How to sort search results in Confluence Cloud by update order, title order, or any other criteria.
Advanced Search
When you click on the search window in the upper right corner of Confluence, you will see the "Advanced Search in Confluence" link at the bottom, and clicking on the link will take you to the Advanced Search page, where you can perform more advanced searches.
Search results are sorted on this Advanced Search page.
Using CQL
Confluence's content search API provides an SQL-like language called CQL as a way to specify search conditions.
In fact, you can also search on the Advanced Search page, passing the CQL as a parameter.
Since CQL allows you to specify sorting, you can use CQL on the Advanced Search page to sort your search results.
procedure
- Pass the URL of the Advanced Search page with the parameter
cql
and the URL-encoded CQL statement as a value
That's all.
Example
Blogs posted by users "A" and "B" that contain "test" are displayed in descending order of update.
The CQL statement is as follows
CQL
( creator.fullname ~ "A" OR creator.fullname ~ "B" ) and type=blogpost and text ~ "test" order by lastmodified desc
URL encoding is done by JavaScript in the browser.

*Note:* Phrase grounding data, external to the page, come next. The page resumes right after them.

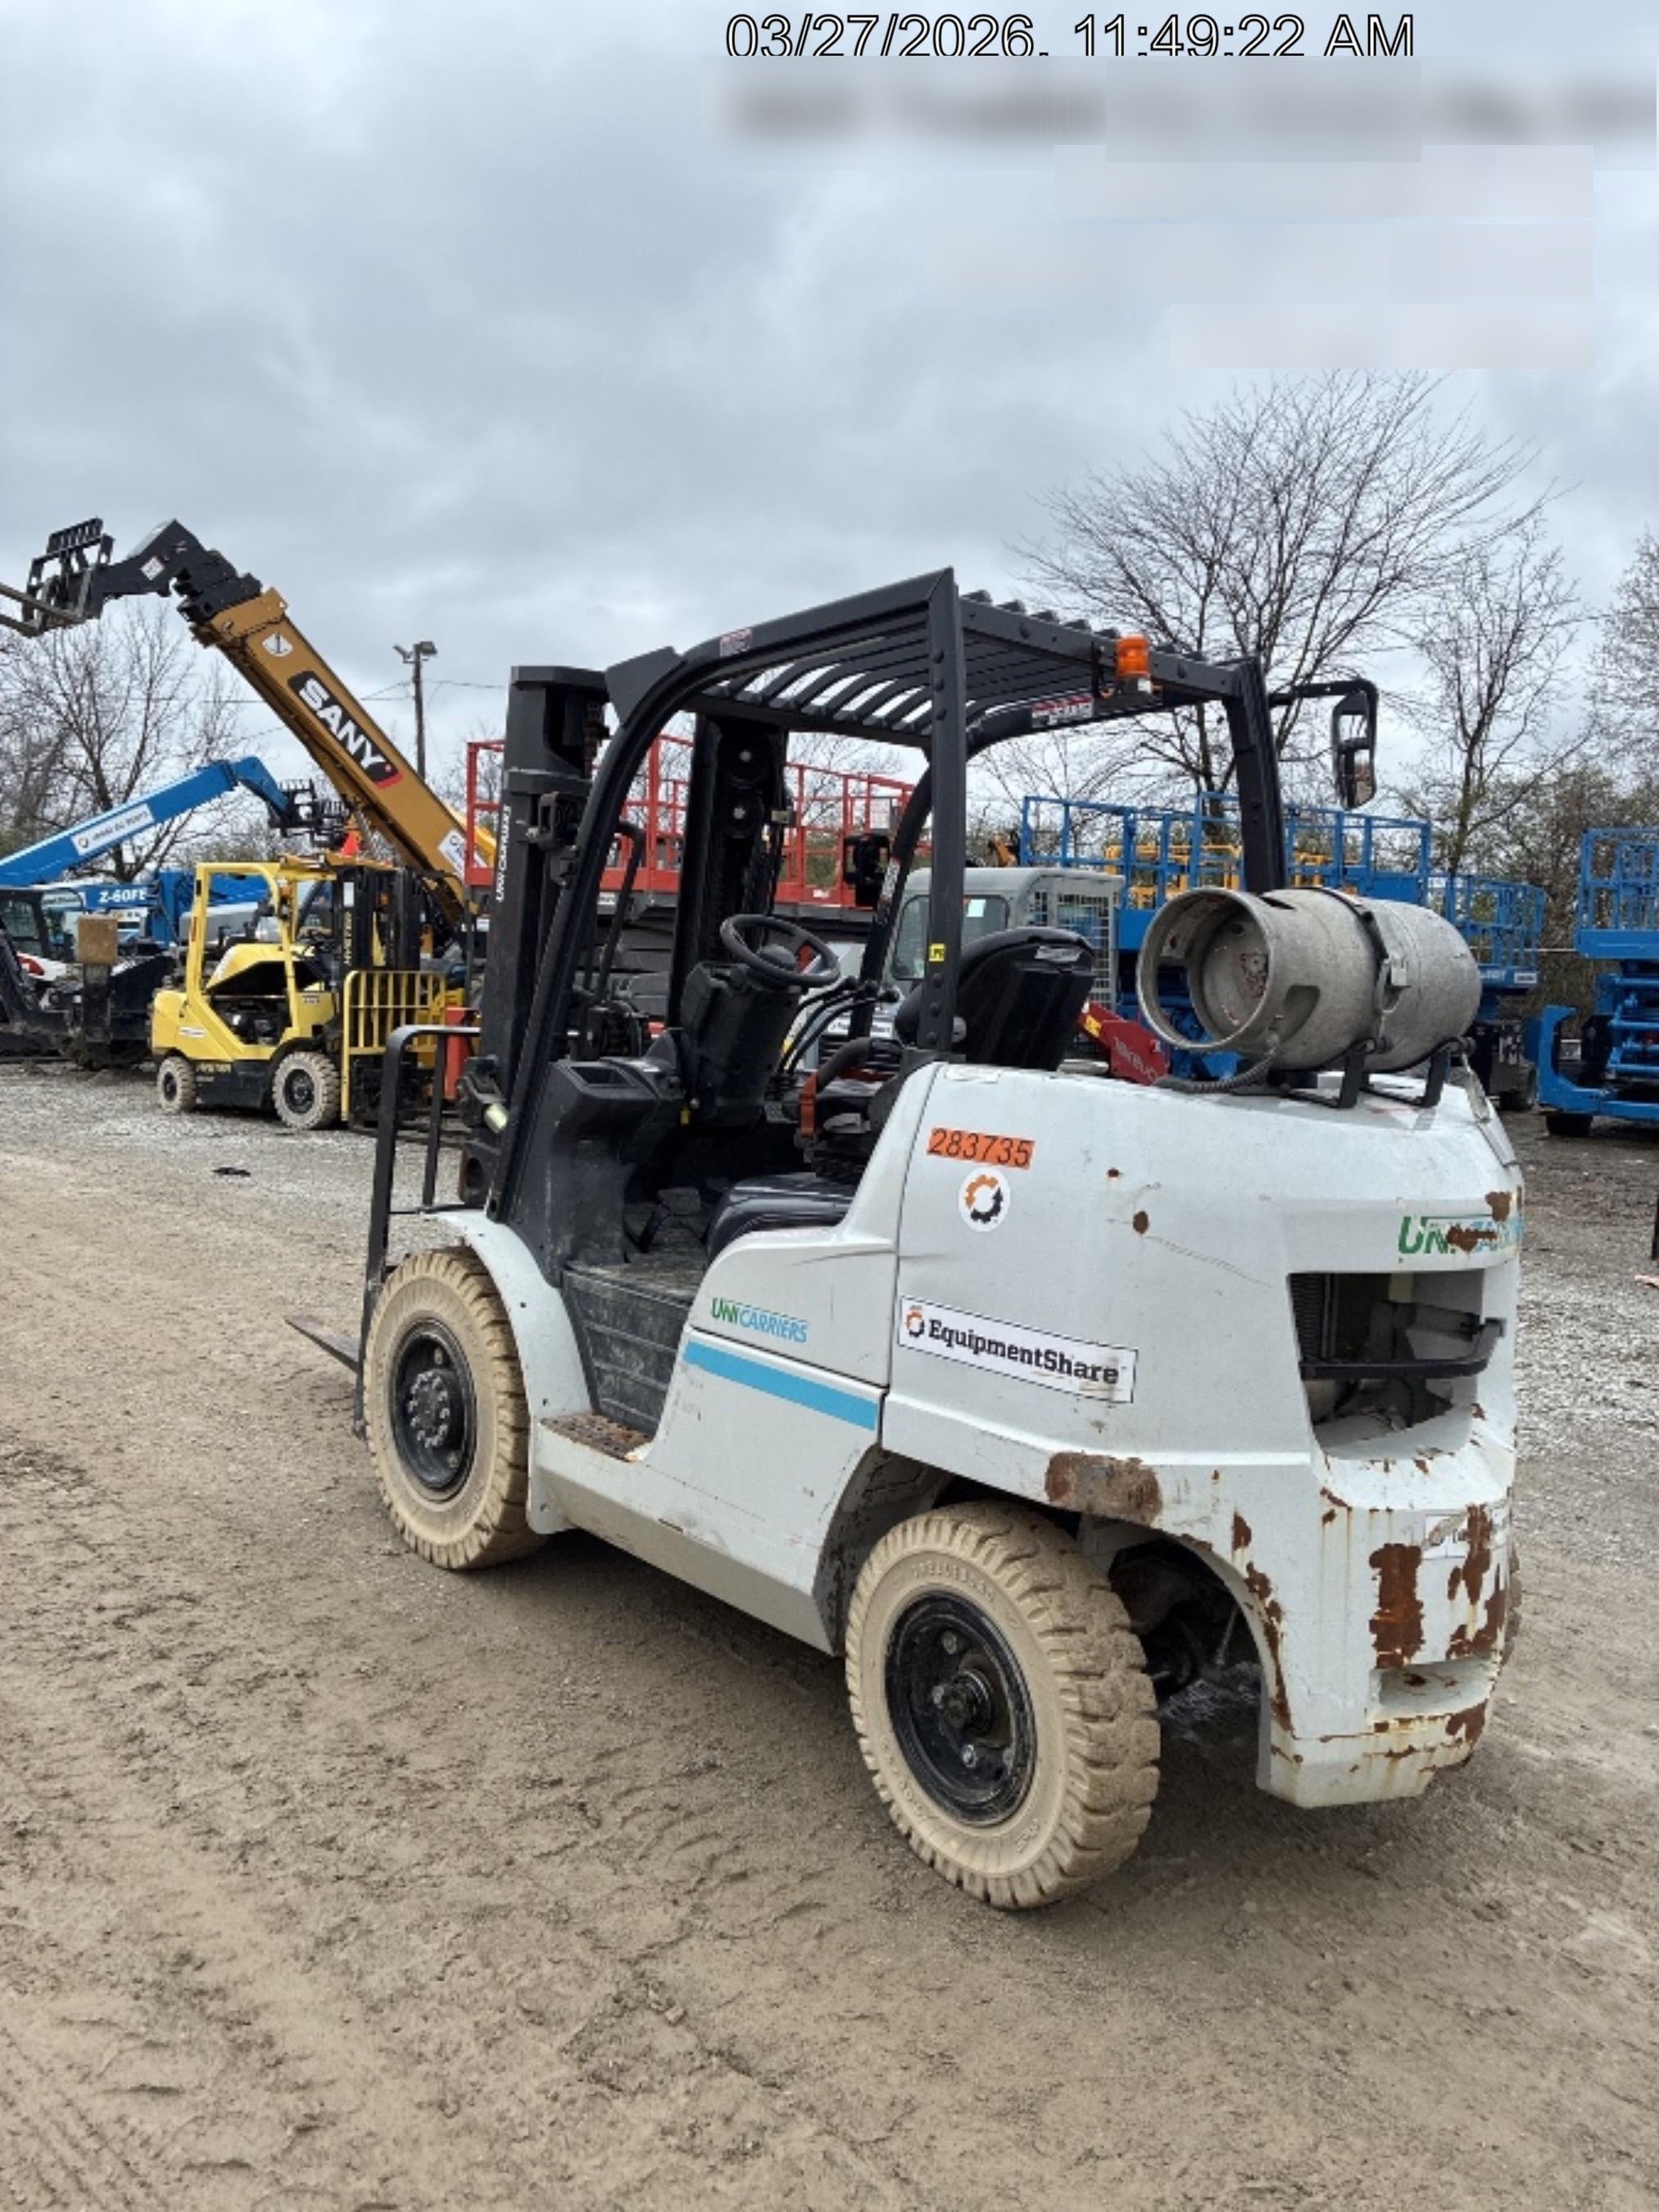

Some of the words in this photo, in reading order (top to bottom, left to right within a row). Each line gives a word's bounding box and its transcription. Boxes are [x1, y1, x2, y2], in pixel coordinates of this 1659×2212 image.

[299, 678, 387, 769] SANY
[927, 1128, 1036, 1168] 283735
[711, 1298, 808, 1343] UNICARRIERS
[928, 1318, 1119, 1385] EquipmentShare
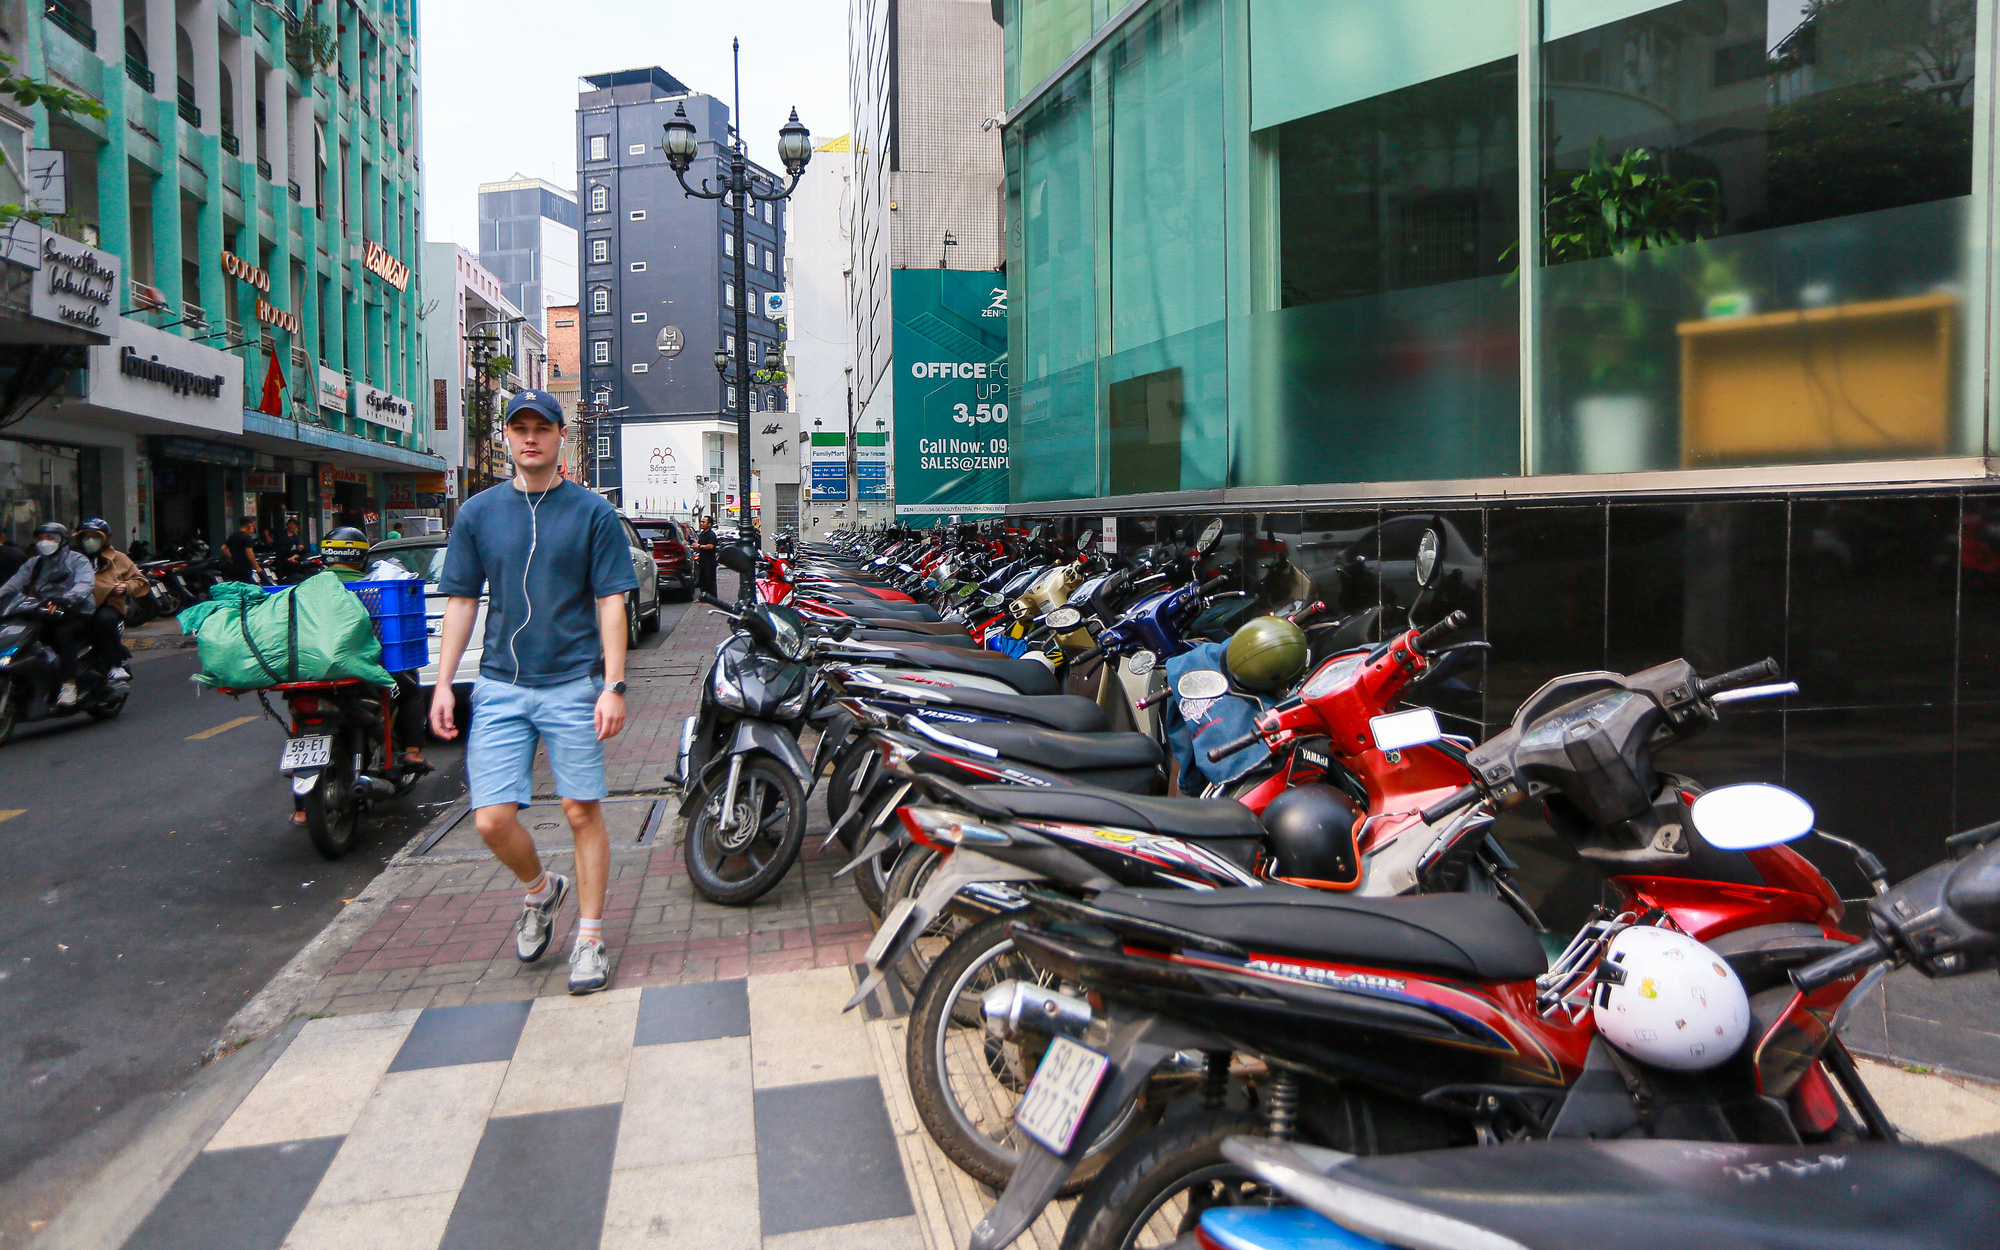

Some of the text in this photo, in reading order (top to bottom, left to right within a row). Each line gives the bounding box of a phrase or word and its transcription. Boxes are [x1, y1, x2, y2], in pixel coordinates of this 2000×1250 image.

Open the console with F12, paste and run the JavaScript below to open a page that URL-encodes the CQL and passes it to Advanced Search for sorted search results.
JavaScript
const cqlPlain = ` ( creator.fullname ~ "A" OR creator.fullname ~ "B" ) and type=blogpost and text ~ "test" order by lastmodified desc `; const cqlEncoded = encodeURI(cqlPlain); const url = `https://[example].atlassian.net/wiki/search?cql=${cqlEncoded}`; window.open(url);
Impressions, etc.
It is not easy to use, but the full CQL syntax allows for a variety of elaborate searches.
There are macros that can use CQL, so if you can use those, that would be quicker.
It would be nice to be able to enter CQL statements directly on the Advanced Search screen, since it was originally provided as a feature in the API.